- **What the exercise asks**
Repeat each line of the material word for word.

·····

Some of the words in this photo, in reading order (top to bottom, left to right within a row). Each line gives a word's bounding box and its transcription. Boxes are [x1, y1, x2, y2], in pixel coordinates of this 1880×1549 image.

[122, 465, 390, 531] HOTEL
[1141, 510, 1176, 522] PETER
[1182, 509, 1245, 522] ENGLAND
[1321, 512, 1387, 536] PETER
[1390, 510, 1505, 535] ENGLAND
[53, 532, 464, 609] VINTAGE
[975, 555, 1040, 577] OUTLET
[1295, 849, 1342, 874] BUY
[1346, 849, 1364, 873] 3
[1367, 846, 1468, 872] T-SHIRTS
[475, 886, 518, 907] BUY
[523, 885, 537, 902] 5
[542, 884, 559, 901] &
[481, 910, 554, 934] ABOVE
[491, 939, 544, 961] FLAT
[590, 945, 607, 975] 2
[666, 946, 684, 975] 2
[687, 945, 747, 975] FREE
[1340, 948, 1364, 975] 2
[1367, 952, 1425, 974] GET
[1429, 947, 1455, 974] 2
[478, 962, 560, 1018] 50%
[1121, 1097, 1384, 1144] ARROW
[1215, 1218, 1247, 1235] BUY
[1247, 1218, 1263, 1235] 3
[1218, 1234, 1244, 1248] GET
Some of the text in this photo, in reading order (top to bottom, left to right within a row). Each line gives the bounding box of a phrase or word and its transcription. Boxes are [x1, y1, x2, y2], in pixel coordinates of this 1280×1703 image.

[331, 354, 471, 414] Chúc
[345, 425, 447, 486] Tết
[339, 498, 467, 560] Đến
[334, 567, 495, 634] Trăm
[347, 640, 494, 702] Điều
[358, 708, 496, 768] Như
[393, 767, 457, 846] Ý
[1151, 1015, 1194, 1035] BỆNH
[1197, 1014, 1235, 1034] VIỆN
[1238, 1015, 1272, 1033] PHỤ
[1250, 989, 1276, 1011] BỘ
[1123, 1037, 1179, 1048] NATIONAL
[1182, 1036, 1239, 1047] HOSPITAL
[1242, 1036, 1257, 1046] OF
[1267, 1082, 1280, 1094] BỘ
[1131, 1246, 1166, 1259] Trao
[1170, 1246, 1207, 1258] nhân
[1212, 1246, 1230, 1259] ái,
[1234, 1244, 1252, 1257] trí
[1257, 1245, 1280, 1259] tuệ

·····

- **Task answer**
Some of the words in this photo, in reading order (top to bottom, left to right within a row). Each line gives a word's bounding box and its transcription. Boxes are [x1, y1, x2, y2], in pixel coordinates of this 1880×1549 image.

[122, 465, 390, 531] HOTEL
[1141, 510, 1176, 522] PETER
[1182, 509, 1245, 522] ENGLAND
[1321, 512, 1387, 536] PETER
[1390, 510, 1505, 535] ENGLAND
[53, 532, 464, 609] VINTAGE
[975, 555, 1040, 577] OUTLET
[1295, 849, 1342, 874] BUY
[1346, 849, 1364, 873] 3
[1367, 846, 1468, 872] T-SHIRTS
[475, 886, 518, 907] BUY
[523, 885, 537, 902] 5
[542, 884, 559, 901] &
[481, 910, 554, 934] ABOVE
[491, 939, 544, 961] FLAT
[590, 945, 607, 975] 2
[666, 946, 684, 975] 2
[687, 945, 747, 975] FREE
[1340, 948, 1364, 975] 2
[1367, 952, 1425, 974] GET
[1429, 947, 1455, 974] 2
[478, 962, 560, 1018] 50%
[1121, 1097, 1384, 1144] ARROW
[1215, 1218, 1247, 1235] BUY
[1247, 1218, 1263, 1235] 3
[1218, 1234, 1244, 1248] GET
Some of the text in this photo, in reading order (top to bottom, left to right within a row). Each line gives the bounding box of a phrase or word and its transcription. Boxes are [x1, y1, x2, y2], in pixel coordinates of this 1280×1703 image.

[331, 354, 471, 414] Chúc
[345, 425, 447, 486] Tết
[339, 498, 467, 560] Đến
[334, 567, 495, 634] Trăm
[347, 640, 494, 702] Điều
[358, 708, 496, 768] Như
[393, 767, 457, 846] Ý
[1151, 1015, 1194, 1035] BỆNH
[1197, 1014, 1235, 1034] VIỆN
[1238, 1015, 1272, 1033] PHỤ
[1250, 989, 1276, 1011] BỘ
[1123, 1037, 1179, 1048] NATIONAL
[1182, 1036, 1239, 1047] HOSPITAL
[1242, 1036, 1257, 1046] OF
[1267, 1082, 1280, 1094] BỘ
[1131, 1246, 1166, 1259] Trao
[1170, 1246, 1207, 1258] nhân
[1212, 1246, 1230, 1259] ái,
[1234, 1244, 1252, 1257] trí
[1257, 1245, 1280, 1259] tuệ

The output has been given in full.